◆ **Information supplied**:
Start of Block

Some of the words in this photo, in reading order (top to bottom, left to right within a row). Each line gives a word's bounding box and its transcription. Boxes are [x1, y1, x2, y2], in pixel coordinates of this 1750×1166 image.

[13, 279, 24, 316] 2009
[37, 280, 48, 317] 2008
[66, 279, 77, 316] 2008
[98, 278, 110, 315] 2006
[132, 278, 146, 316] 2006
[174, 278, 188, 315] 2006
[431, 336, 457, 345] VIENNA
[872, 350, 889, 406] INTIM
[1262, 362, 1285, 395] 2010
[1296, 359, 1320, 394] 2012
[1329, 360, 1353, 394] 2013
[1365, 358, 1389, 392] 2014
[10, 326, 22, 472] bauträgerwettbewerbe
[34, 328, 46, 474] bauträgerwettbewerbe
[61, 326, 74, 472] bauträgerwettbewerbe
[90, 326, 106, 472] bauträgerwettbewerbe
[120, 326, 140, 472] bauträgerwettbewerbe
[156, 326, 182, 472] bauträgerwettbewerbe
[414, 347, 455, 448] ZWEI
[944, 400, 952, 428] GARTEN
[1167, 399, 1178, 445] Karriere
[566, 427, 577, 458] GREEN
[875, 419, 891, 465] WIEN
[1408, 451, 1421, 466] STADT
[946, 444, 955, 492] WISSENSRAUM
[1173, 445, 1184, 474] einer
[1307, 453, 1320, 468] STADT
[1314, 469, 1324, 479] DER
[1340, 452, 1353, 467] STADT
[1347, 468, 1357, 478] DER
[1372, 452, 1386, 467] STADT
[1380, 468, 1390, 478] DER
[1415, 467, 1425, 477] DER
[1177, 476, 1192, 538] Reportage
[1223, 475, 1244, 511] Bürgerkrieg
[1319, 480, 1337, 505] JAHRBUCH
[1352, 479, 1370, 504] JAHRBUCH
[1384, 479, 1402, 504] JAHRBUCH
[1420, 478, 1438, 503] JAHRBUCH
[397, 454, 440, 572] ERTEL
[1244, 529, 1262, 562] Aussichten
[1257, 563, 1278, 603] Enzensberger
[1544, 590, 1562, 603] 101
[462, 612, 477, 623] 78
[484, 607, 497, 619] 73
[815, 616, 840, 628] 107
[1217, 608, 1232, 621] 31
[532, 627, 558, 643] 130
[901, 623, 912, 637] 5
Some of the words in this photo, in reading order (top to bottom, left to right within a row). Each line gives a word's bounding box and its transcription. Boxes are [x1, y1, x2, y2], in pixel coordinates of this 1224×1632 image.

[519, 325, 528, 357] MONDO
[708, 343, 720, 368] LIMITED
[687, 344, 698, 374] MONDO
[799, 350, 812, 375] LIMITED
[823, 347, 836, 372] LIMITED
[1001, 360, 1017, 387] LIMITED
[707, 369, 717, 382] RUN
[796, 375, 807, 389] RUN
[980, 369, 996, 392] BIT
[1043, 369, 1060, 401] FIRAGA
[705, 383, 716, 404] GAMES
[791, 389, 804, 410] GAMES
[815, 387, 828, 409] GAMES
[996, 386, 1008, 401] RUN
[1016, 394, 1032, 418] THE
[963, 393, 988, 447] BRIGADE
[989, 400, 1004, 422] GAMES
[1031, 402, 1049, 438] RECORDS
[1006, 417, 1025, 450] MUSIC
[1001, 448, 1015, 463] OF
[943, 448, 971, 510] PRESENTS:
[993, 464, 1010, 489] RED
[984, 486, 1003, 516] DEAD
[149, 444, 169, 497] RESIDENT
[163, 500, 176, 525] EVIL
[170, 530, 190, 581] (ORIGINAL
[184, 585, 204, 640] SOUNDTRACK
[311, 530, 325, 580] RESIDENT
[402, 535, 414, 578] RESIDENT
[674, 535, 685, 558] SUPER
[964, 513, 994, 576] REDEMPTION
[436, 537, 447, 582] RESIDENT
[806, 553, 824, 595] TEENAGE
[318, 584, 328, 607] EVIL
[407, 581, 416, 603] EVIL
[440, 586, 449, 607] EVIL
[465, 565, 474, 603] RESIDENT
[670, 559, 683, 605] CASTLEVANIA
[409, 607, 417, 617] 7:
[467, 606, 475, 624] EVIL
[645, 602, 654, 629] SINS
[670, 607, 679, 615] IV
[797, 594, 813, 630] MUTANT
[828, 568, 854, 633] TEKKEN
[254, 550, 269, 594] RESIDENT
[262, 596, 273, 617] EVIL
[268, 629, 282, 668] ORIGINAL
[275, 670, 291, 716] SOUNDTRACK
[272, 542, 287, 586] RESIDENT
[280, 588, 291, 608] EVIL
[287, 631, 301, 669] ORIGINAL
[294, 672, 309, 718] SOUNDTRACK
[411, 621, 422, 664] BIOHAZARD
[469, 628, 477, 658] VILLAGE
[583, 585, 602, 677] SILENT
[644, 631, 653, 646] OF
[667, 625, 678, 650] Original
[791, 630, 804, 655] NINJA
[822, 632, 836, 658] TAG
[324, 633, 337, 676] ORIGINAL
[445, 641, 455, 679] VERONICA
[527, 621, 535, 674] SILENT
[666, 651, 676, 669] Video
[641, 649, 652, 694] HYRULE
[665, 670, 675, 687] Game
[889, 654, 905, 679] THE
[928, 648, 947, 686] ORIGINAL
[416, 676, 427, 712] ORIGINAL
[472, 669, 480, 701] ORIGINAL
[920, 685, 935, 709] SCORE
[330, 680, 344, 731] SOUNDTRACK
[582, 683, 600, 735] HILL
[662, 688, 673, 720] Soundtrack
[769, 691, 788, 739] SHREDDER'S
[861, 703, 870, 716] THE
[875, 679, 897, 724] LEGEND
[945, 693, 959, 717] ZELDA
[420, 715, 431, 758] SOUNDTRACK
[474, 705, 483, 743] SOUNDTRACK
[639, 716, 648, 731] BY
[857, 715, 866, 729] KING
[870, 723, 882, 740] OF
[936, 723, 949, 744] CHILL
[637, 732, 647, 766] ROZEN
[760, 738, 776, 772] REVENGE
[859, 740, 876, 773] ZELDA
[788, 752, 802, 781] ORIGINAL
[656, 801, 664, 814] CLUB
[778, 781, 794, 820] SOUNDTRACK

End of Block

◆ **What the task requires**:
Copy the entire listing, keeping each line exactly as it is.

◆ **Response box**:
Some of the words in this photo, in reading order (top to bottom, left to right within a row). Each line gives a word's bounding box and its transcription. Boxes are [x1, y1, x2, y2], in pixel coordinates of this 1750×1166 image.

[13, 279, 24, 316] 2009
[37, 280, 48, 317] 2008
[66, 279, 77, 316] 2008
[98, 278, 110, 315] 2006
[132, 278, 146, 316] 2006
[174, 278, 188, 315] 2006
[431, 336, 457, 345] VIENNA
[872, 350, 889, 406] INTIM
[1262, 362, 1285, 395] 2010
[1296, 359, 1320, 394] 2012
[1329, 360, 1353, 394] 2013
[1365, 358, 1389, 392] 2014
[10, 326, 22, 472] bauträgerwettbewerbe
[34, 328, 46, 474] bauträgerwettbewerbe
[61, 326, 74, 472] bauträgerwettbewerbe
[90, 326, 106, 472] bauträgerwettbewerbe
[120, 326, 140, 472] bauträgerwettbewerbe
[156, 326, 182, 472] bauträgerwettbewerbe
[414, 347, 455, 448] ZWEI
[944, 400, 952, 428] GARTEN
[1167, 399, 1178, 445] Karriere
[566, 427, 577, 458] GREEN
[875, 419, 891, 465] WIEN
[1408, 451, 1421, 466] STADT
[946, 444, 955, 492] WISSENSRAUM
[1173, 445, 1184, 474] einer
[1307, 453, 1320, 468] STADT
[1314, 469, 1324, 479] DER
[1340, 452, 1353, 467] STADT
[1347, 468, 1357, 478] DER
[1372, 452, 1386, 467] STADT
[1380, 468, 1390, 478] DER
[1415, 467, 1425, 477] DER
[1177, 476, 1192, 538] Reportage
[1223, 475, 1244, 511] Bürgerkrieg
[1319, 480, 1337, 505] JAHRBUCH
[1352, 479, 1370, 504] JAHRBUCH
[1384, 479, 1402, 504] JAHRBUCH
[1420, 478, 1438, 503] JAHRBUCH
[397, 454, 440, 572] ERTEL
[1244, 529, 1262, 562] Aussichten
[1257, 563, 1278, 603] Enzensberger
[1544, 590, 1562, 603] 101
[462, 612, 477, 623] 78
[484, 607, 497, 619] 73
[815, 616, 840, 628] 107
[1217, 608, 1232, 621] 31
[532, 627, 558, 643] 130
[901, 623, 912, 637] 5
Some of the words in this photo, in reading order (top to bottom, left to right within a row). Each line gives a word's bounding box and its transcription. Boxes are [x1, y1, x2, y2], in pixel coordinates of this 1224×1632 image.

[519, 325, 528, 357] MONDO
[708, 343, 720, 368] LIMITED
[687, 344, 698, 374] MONDO
[799, 350, 812, 375] LIMITED
[823, 347, 836, 372] LIMITED
[1001, 360, 1017, 387] LIMITED
[707, 369, 717, 382] RUN
[796, 375, 807, 389] RUN
[980, 369, 996, 392] BIT
[1043, 369, 1060, 401] FIRAGA
[705, 383, 716, 404] GAMES
[791, 389, 804, 410] GAMES
[815, 387, 828, 409] GAMES
[996, 386, 1008, 401] RUN
[1016, 394, 1032, 418] THE
[963, 393, 988, 447] BRIGADE
[989, 400, 1004, 422] GAMES
[1031, 402, 1049, 438] RECORDS
[1006, 417, 1025, 450] MUSIC
[1001, 448, 1015, 463] OF
[943, 448, 971, 510] PRESENTS:
[993, 464, 1010, 489] RED
[984, 486, 1003, 516] DEAD
[149, 444, 169, 497] RESIDENT
[163, 500, 176, 525] EVIL
[170, 530, 190, 581] (ORIGINAL
[184, 585, 204, 640] SOUNDTRACK
[311, 530, 325, 580] RESIDENT
[402, 535, 414, 578] RESIDENT
[674, 535, 685, 558] SUPER
[964, 513, 994, 576] REDEMPTION
[436, 537, 447, 582] RESIDENT
[806, 553, 824, 595] TEENAGE
[318, 584, 328, 607] EVIL
[407, 581, 416, 603] EVIL
[440, 586, 449, 607] EVIL
[465, 565, 474, 603] RESIDENT
[670, 559, 683, 605] CASTLEVANIA
[409, 607, 417, 617] 7:
[467, 606, 475, 624] EVIL
[645, 602, 654, 629] SINS
[670, 607, 679, 615] IV
[797, 594, 813, 630] MUTANT
[828, 568, 854, 633] TEKKEN
[254, 550, 269, 594] RESIDENT
[262, 596, 273, 617] EVIL
[268, 629, 282, 668] ORIGINAL
[275, 670, 291, 716] SOUNDTRACK
[272, 542, 287, 586] RESIDENT
[280, 588, 291, 608] EVIL
[287, 631, 301, 669] ORIGINAL
[294, 672, 309, 718] SOUNDTRACK
[411, 621, 422, 664] BIOHAZARD
[469, 628, 477, 658] VILLAGE
[583, 585, 602, 677] SILENT
[644, 631, 653, 646] OF
[667, 625, 678, 650] Original
[791, 630, 804, 655] NINJA
[822, 632, 836, 658] TAG
[324, 633, 337, 676] ORIGINAL
[445, 641, 455, 679] VERONICA
[527, 621, 535, 674] SILENT
[666, 651, 676, 669] Video
[641, 649, 652, 694] HYRULE
[665, 670, 675, 687] Game
[889, 654, 905, 679] THE
[928, 648, 947, 686] ORIGINAL
[416, 676, 427, 712] ORIGINAL
[472, 669, 480, 701] ORIGINAL
[920, 685, 935, 709] SCORE
[330, 680, 344, 731] SOUNDTRACK
[582, 683, 600, 735] HILL
[662, 688, 673, 720] Soundtrack
[769, 691, 788, 739] SHREDDER'S
[861, 703, 870, 716] THE
[875, 679, 897, 724] LEGEND
[945, 693, 959, 717] ZELDA
[420, 715, 431, 758] SOUNDTRACK
[474, 705, 483, 743] SOUNDTRACK
[639, 716, 648, 731] BY
[857, 715, 866, 729] KING
[870, 723, 882, 740] OF
[936, 723, 949, 744] CHILL
[637, 732, 647, 766] ROZEN
[760, 738, 776, 772] REVENGE
[859, 740, 876, 773] ZELDA
[788, 752, 802, 781] ORIGINAL
[656, 801, 664, 814] CLUB
[778, 781, 794, 820] SOUNDTRACK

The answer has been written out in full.